§ **WHAT THE TASK ASKS**: Every record below must be returned word for word, with the pictures left out.

=== Begin Enclosure ===

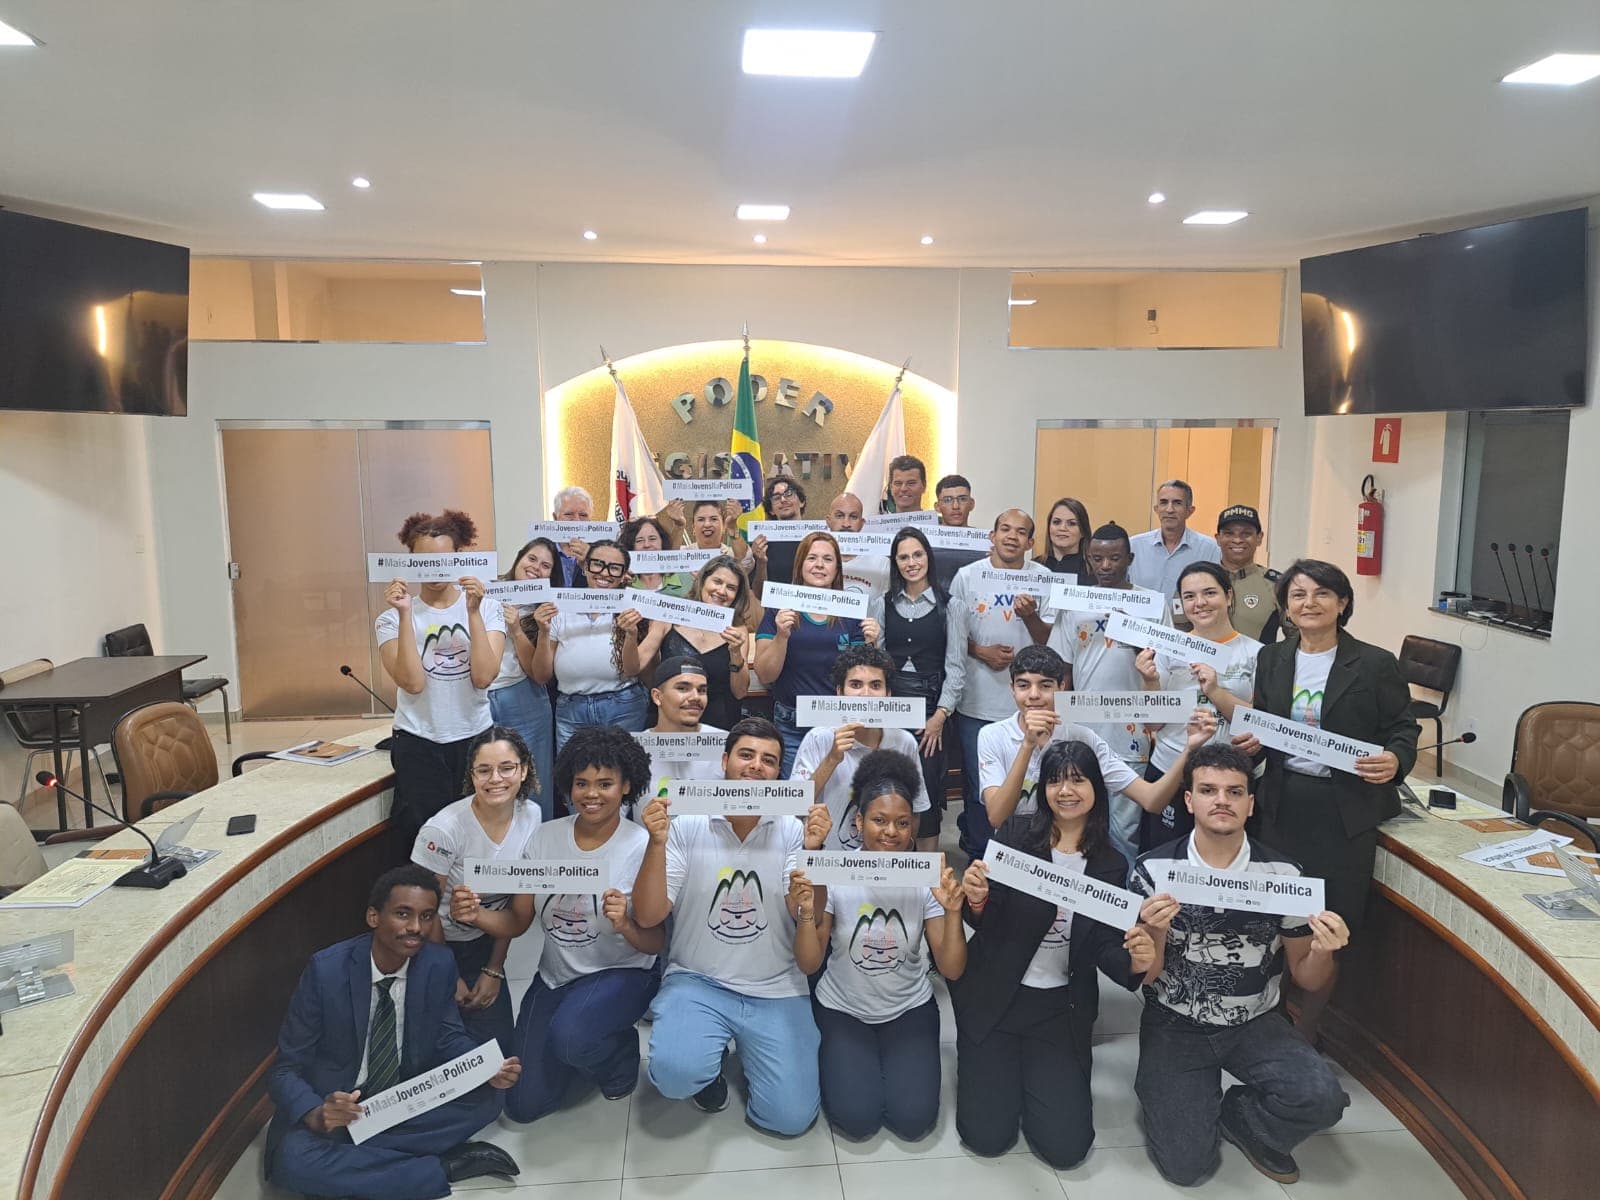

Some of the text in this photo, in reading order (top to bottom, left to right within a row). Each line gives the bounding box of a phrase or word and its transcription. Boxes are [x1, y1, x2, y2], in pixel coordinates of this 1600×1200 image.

[671, 373, 834, 427] PODER
[377, 557, 488, 568] #MaisJovensNaPolítica
[981, 570, 1065, 584] #MaisJovensNaPolítica
[770, 588, 861, 606] #MaisJovensNaPolítica
[1063, 588, 1151, 605] #MaisJovensNaPolítica
[631, 594, 725, 620] #MaisJovensNaPolítica
[1121, 618, 1217, 656] #MaisJovensNaPolítica
[811, 700, 911, 713] #MaisJovensNaPolítica
[1070, 695, 1181, 707] #MaisJovensNaPolítica
[678, 786, 805, 798] #MaisJovensNaPolítica
[474, 864, 599, 877] #MaisJovensNaPolítica
[806, 856, 931, 870] #MaisJovensNaPolítica
[995, 850, 1129, 910] #MaisJovensNaPolítica
[1167, 870, 1312, 897] #MaisJovensNaPolítica
[364, 1054, 484, 1117] #MaisJovensNaPolítica
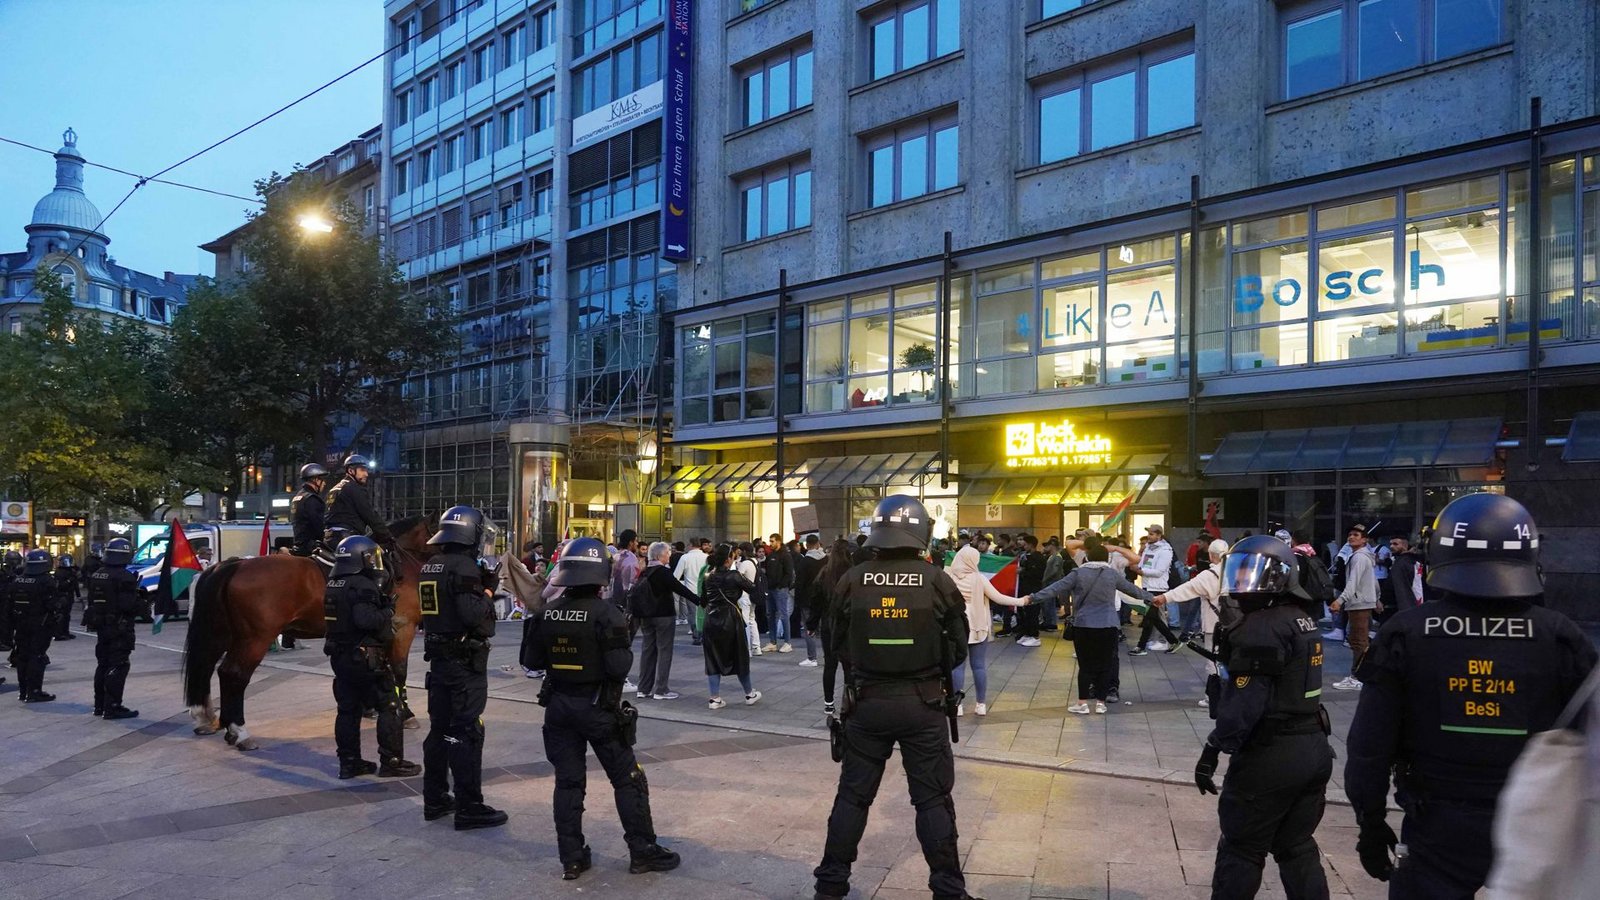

=== End Enclosure ===

§ **WRITTEN ANSWER**:
Some of the text in this photo, in reading order (top to bottom, left to right within a row). Each line gives the bounding box of a phrase or word and its transcription. Boxes are [x1, y1, x2, y2], in pixel coordinates of this 1600×1200 image.

[671, 373, 834, 427] PODER
[377, 557, 488, 568] #MaisJovensNaPolítica
[981, 570, 1065, 584] #MaisJovensNaPolítica
[770, 588, 861, 606] #MaisJovensNaPolítica
[1063, 588, 1151, 605] #MaisJovensNaPolítica
[631, 594, 725, 620] #MaisJovensNaPolítica
[1121, 618, 1217, 656] #MaisJovensNaPolítica
[811, 700, 911, 713] #MaisJovensNaPolítica
[1070, 695, 1181, 707] #MaisJovensNaPolítica
[678, 786, 805, 798] #MaisJovensNaPolítica
[474, 864, 599, 877] #MaisJovensNaPolítica
[806, 856, 931, 870] #MaisJovensNaPolítica
[995, 850, 1129, 910] #MaisJovensNaPolítica
[1167, 870, 1312, 897] #MaisJovensNaPolítica
[364, 1054, 484, 1117] #MaisJovensNaPolítica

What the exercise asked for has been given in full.